Parallel prefix data retrieval method and system based on prefix tree structure

Technical Field

The invention relates to the field of information retrieval, in particular to a method and a system for retrieving parallelized prefix data based on a prefix tree structure.

Background

With the popularization of networks in the information era and the rapid development of emerging services such as big data and the like, network information shows an explosive growth trend. There is a huge amount of network prefix data in the global internet.
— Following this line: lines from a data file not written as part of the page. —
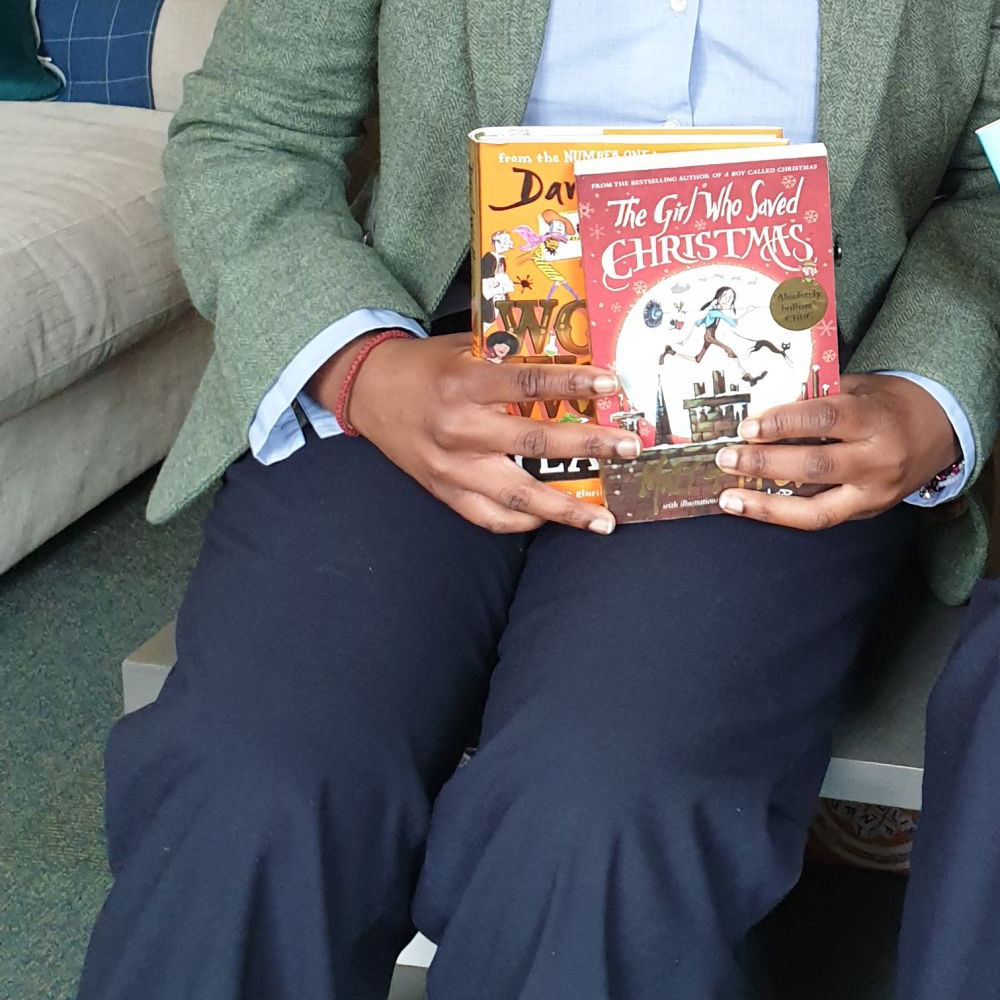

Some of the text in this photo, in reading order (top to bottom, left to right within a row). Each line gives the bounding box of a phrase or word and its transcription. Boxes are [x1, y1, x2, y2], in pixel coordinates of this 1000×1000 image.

[498, 151, 532, 164] from
[536, 151, 559, 164] the
[591, 182, 613, 190] FROM
[614, 180, 629, 188] THE
[631, 176, 678, 187] BESTSELLING
[679, 173, 710, 182] AUTHOR
[712, 171, 722, 179] OF
[731, 169, 747, 178] BOY
[747, 167, 776, 176] CALLED
[776, 163, 818, 173] CHRISTMAS
[607, 176, 805, 238] The Girl Who Saved
[601, 222, 818, 292] CHRISTMAS
[662, 500, 679, 510] with
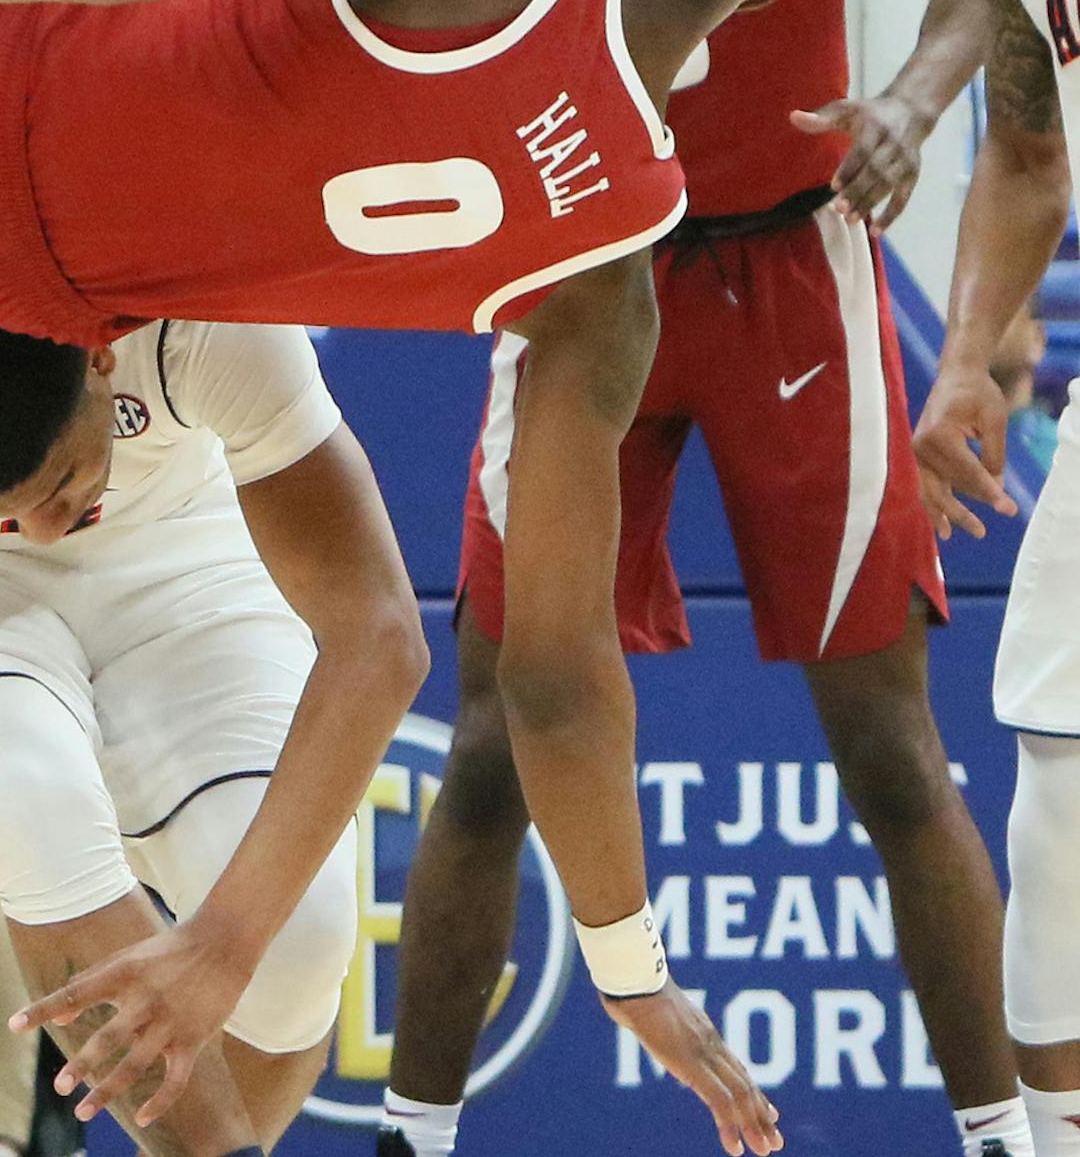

In order to perform good management on the internet and perform timely detection and alarm on network abnormality, organization and construction of a network prefix information base become abnormally important.

A network prefix is a collection of a set of IP addresses, each prefix representing a small network. In order to perform good management on the internet and perform timely detection and alarm on network abnormality, organization and construction of a network prefix information base are indispensable.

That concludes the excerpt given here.